# EXCERPTED DATA
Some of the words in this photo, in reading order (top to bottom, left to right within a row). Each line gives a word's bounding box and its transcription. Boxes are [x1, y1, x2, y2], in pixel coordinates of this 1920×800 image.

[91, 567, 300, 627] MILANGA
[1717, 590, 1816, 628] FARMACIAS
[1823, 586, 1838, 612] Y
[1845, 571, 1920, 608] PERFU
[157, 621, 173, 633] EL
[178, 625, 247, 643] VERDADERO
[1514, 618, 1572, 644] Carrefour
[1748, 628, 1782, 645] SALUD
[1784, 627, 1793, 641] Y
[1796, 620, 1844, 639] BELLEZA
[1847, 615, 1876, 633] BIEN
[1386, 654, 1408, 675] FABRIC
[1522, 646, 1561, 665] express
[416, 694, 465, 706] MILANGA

# TASK INSTRUCTIONS
The response has to match the records above word for word.

# RESULT BELOW
Some of the words in this photo, in reading order (top to bottom, left to right within a row). Each line gives a word's bounding box and its transcription. Boxes are [x1, y1, x2, y2], in pixel coordinates of this 1920×800 image.

[91, 567, 300, 627] MILANGA
[1717, 590, 1816, 628] FARMACIAS
[1823, 586, 1838, 612] Y
[1845, 571, 1920, 608] PERFU
[157, 621, 173, 633] EL
[178, 625, 247, 643] VERDADERO
[1514, 618, 1572, 644] Carrefour
[1748, 628, 1782, 645] SALUD
[1784, 627, 1793, 641] Y
[1796, 620, 1844, 639] BELLEZA
[1847, 615, 1876, 633] BIEN
[1386, 654, 1408, 675] FABRIC
[1522, 646, 1561, 665] express
[416, 694, 465, 706] MILANGA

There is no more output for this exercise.